Mais, au moins, bien cachée, non dite, une étincelle. Une étincelle qui me fera vivre plusieurs vies après celle-ci. Une étincelle qui me laisse entrevoir que les siècles à venir seront plus lumineux. Ce fameux 1914, j’aimerais y vivre. Je suis sûre que les hommes s’y aimeront mieux. Je suis sûre que tout sera différent. L’amour sera beaucoup plus glorifié que Dieu. Et, en fin de compte, cela revient sans doute au même. Mais aujourd’hui, il ne faut pas le dire.

Ce que j’écris là, je l’écris dans le ciel et non sur un parchemin, et ce pour plusieurs raisons. Je n’ai ni les moyens d’avoir un parchemin ni d’apprendre à écrire. J’ai cependant la possibilité de réfléchir et d’envoyer mes pensées dans l’univers. C’est sans doute le plus important. Écrire sur le ciel est la plus belle des promesses. J’ai besoin de promesses. J’ai besoin de faire des promesses. L’Humanité a besoin de promesse tenues.

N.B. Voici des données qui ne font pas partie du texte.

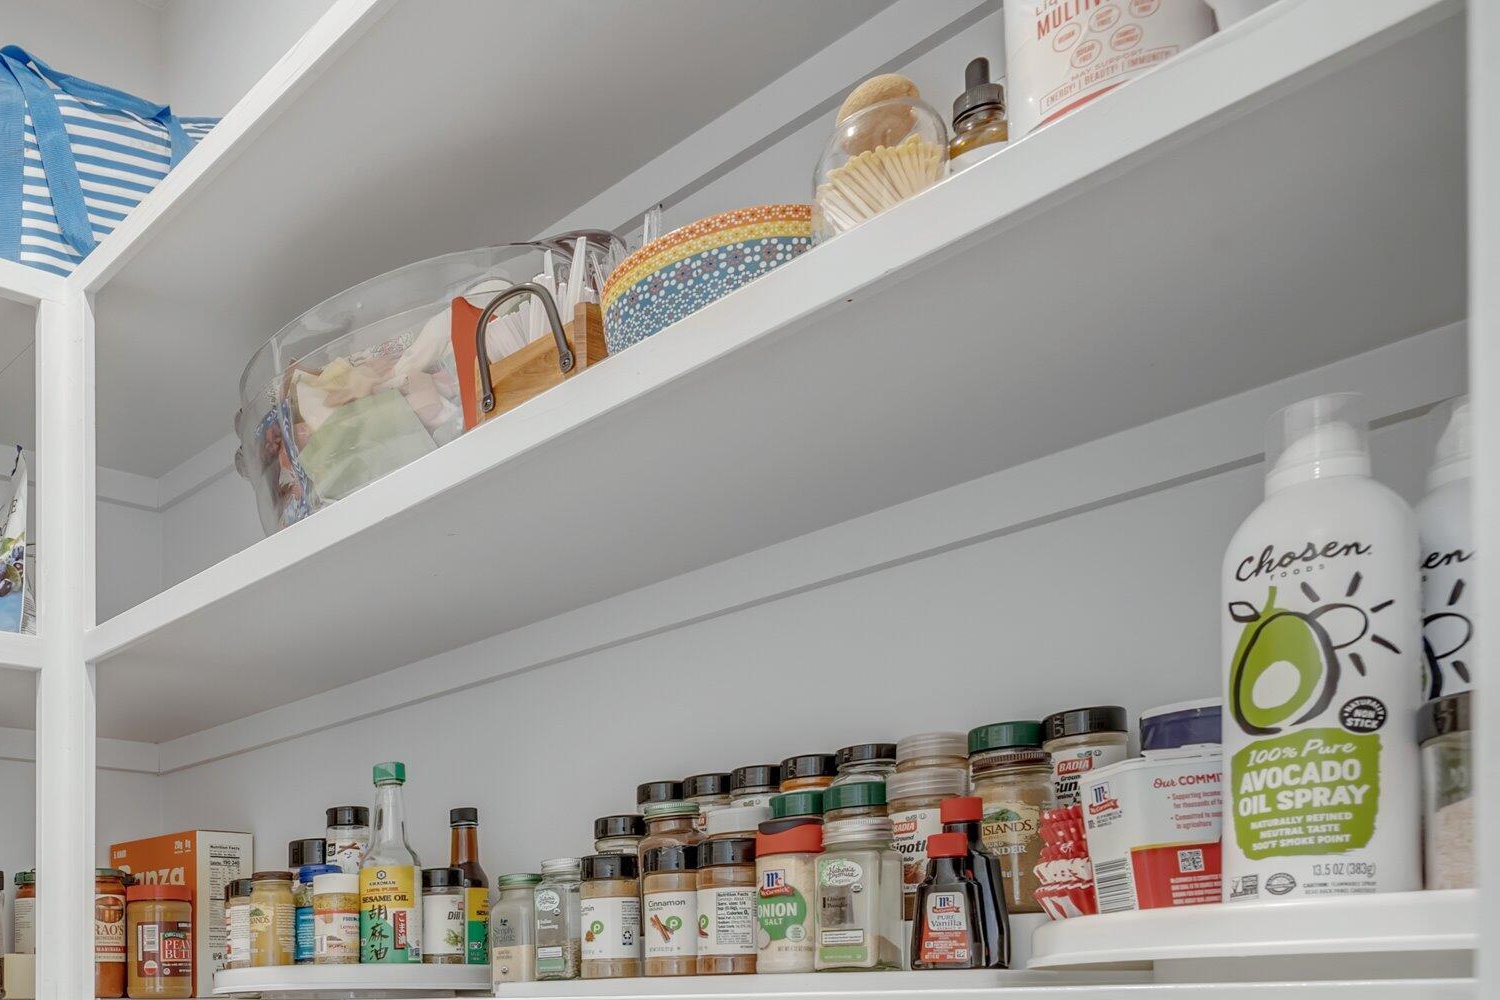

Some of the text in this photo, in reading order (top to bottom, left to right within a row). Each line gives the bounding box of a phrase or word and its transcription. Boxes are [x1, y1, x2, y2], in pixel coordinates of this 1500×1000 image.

[1235, 541, 1372, 582] Chosen
[1270, 563, 1325, 581] FOODS
[1344, 698, 1385, 715] NATURALLY
[1353, 708, 1375, 718] NON
[1346, 717, 1379, 729] STICK
[1247, 738, 1358, 767] 100% Pure
[1059, 759, 1089, 771] BADIA
[1153, 777, 1178, 788] Our
[1240, 758, 1362, 795] AVOCADO
[1238, 784, 1371, 817] OIL SPRAY
[1250, 812, 1353, 830] NATURALLY REFINED
[1259, 824, 1341, 839] NEUTRAL TASTE
[1280, 834, 1351, 847] SMOKE POINT
[828, 864, 856, 876] Nature's
[1312, 862, 1377, 878] 13.5 OZ (383g)
[362, 894, 409, 904] SESAME OIL
[648, 900, 686, 908] Cinnamon
[448, 911, 461, 920] Dill
[757, 902, 797, 918] ONION
[764, 918, 784, 926] SALT
[931, 919, 962, 927] Vanilla
[368, 904, 389, 961] 胡麻油
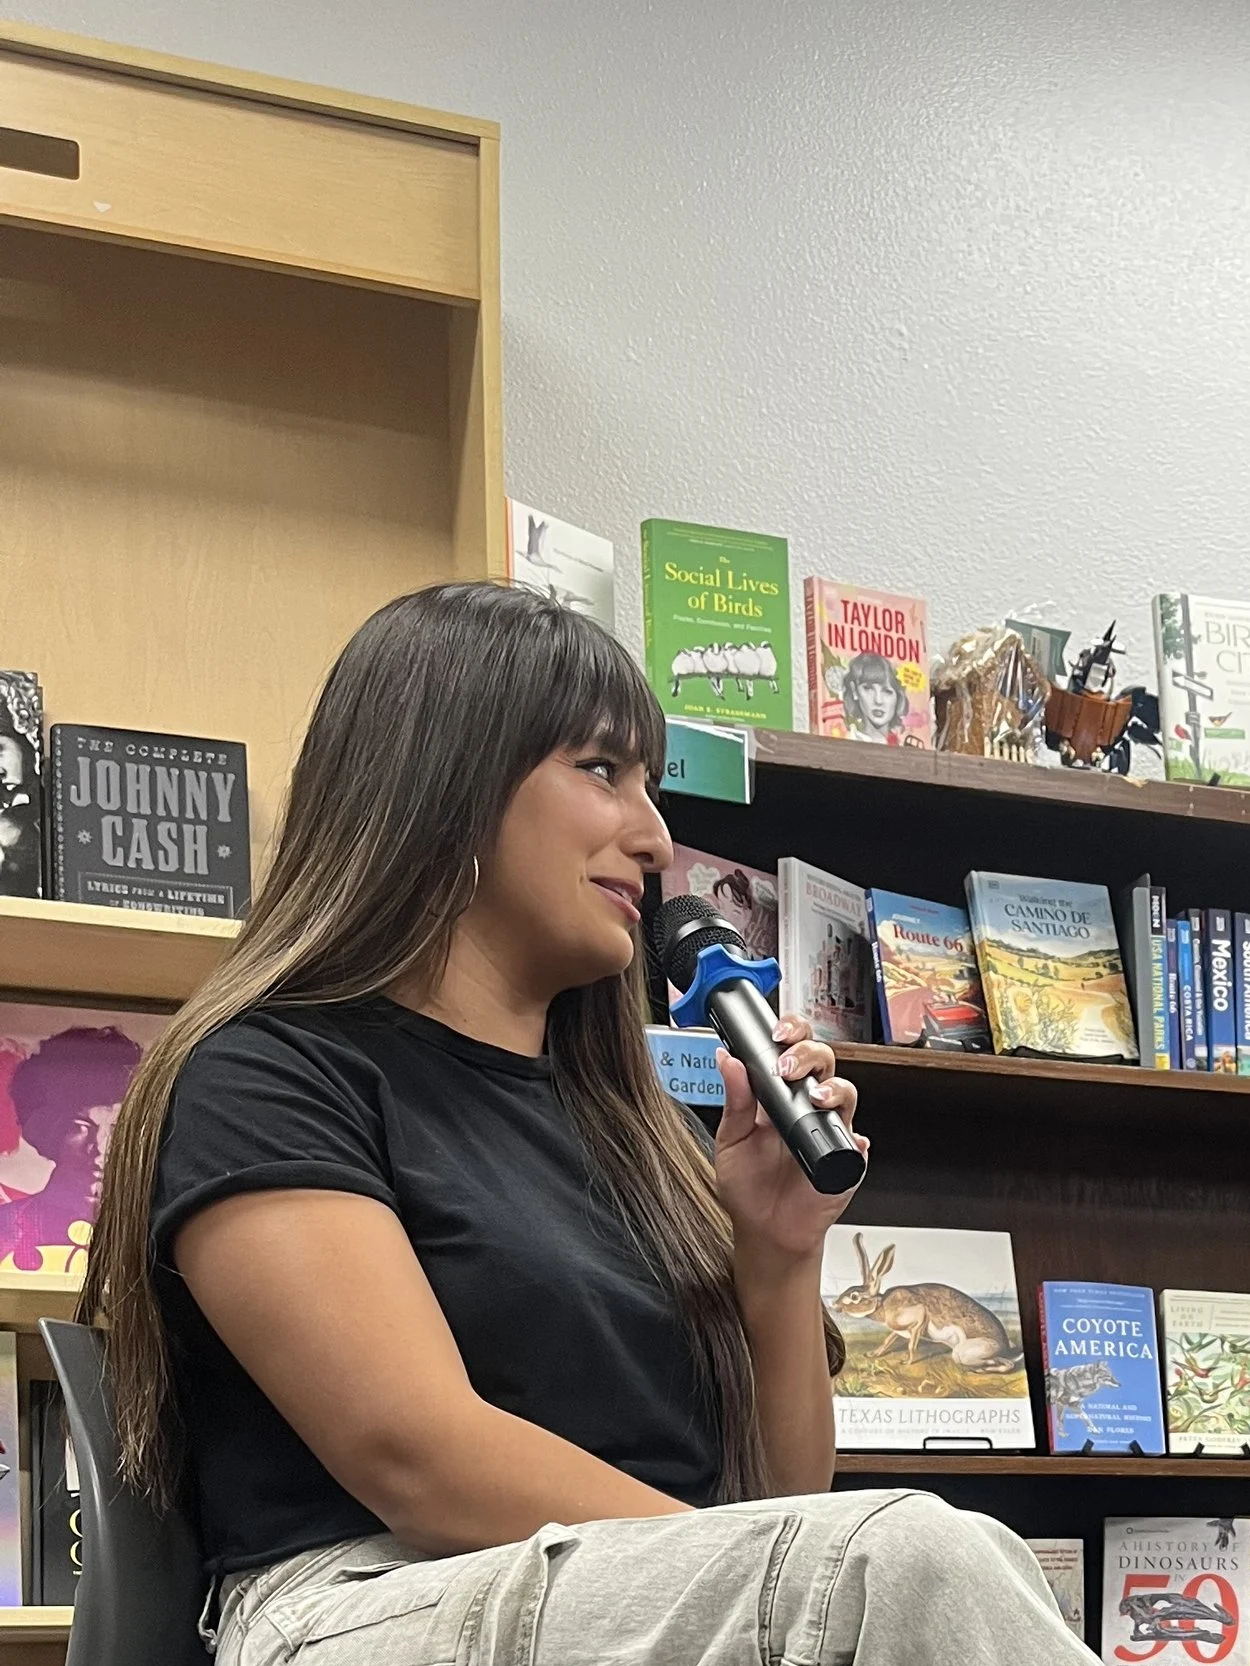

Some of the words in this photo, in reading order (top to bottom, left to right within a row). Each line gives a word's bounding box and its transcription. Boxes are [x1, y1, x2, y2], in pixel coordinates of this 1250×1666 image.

[664, 562, 721, 588] Social
[727, 571, 779, 597] Lives
[688, 593, 709, 611] of
[713, 594, 763, 618] Birds
[841, 600, 906, 635] TAYLOR
[828, 622, 847, 650] IN
[849, 627, 920, 663] LONDON
[77, 737, 114, 753] THE
[125, 744, 228, 765] COMPLETE
[70, 757, 236, 823] JOHNNY
[101, 815, 209, 875] CASH
[87, 880, 129, 895] LYRICS
[167, 888, 225, 905] LIFETIME
[805, 881, 862, 916] BROADWAY
[1003, 904, 1067, 924] CAMINO
[1072, 910, 1092, 926] DE
[893, 923, 941, 947] Route
[943, 934, 965, 952] 66
[1011, 919, 1091, 940] SANTIAGO
[1152, 962, 1164, 1014] NATIONAL
[1211, 939, 1233, 1012] Mexico
[1183, 984, 1193, 1017] COSTA
[1154, 1016, 1165, 1050] PARKS
[1185, 1018, 1194, 1042] RICA
[660, 1052, 674, 1068] &
[1062, 1317, 1144, 1338] COYOTE
[1054, 1338, 1154, 1360] AMERICA
[838, 1408, 893, 1424] TEXAS
[898, 1408, 1021, 1425] LITHOGRAPHS
[1087, 1403, 1120, 1411] NATURAL
[1120, 1541, 1127, 1551] A
[1130, 1541, 1209, 1552] HISTORY
[1118, 1555, 1240, 1571] DINOSAURS
[1174, 1574, 1186, 1583] IN
[1114, 1573, 1240, 1664] 50

1914, où es-tu ? Seras-tu une belle année, moins sévère que tes chiffres ? Seras-tu aussi ronde que 2028 par exemple ? En 2028, parle-moi…

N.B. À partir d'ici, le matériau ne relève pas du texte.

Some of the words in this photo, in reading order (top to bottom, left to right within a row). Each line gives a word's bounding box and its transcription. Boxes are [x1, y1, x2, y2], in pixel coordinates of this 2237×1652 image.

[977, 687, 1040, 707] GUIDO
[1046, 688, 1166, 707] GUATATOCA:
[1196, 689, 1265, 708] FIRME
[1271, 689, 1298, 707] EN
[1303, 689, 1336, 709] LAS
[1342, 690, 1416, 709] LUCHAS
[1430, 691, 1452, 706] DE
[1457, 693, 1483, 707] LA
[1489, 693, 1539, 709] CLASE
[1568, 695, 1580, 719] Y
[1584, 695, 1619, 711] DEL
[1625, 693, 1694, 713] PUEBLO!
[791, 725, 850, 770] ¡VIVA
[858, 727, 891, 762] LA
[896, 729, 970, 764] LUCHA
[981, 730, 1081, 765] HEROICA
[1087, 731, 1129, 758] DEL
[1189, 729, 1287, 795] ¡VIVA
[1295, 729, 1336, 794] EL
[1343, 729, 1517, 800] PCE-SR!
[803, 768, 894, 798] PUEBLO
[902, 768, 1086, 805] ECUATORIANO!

J’habite une maison en granite, au bord d’une rivière. Il fait humide en hiver et frais en été. Un jour, il y a presque 15 ans, j’ai croisé un gros crapaud en me baignant dans la rivière. Je l’ai embrassé. C’est peut-être grâce à cela que j’ai un mari maintenant. Il est gentil. Il est doux, parfois de mauvaise humeur. Comme moi.

J’aimerais passer rapidement en 1515.

15 15, c’est peut-être de bon augure.

Aujourd’hui, mille et une gouttes de pluie qui tombent dans la rivière et rejoignent la mer, l’éternité et Dieu, fondateur de toute chose… Amen et bonjour à vous, Humains des temps mêlés…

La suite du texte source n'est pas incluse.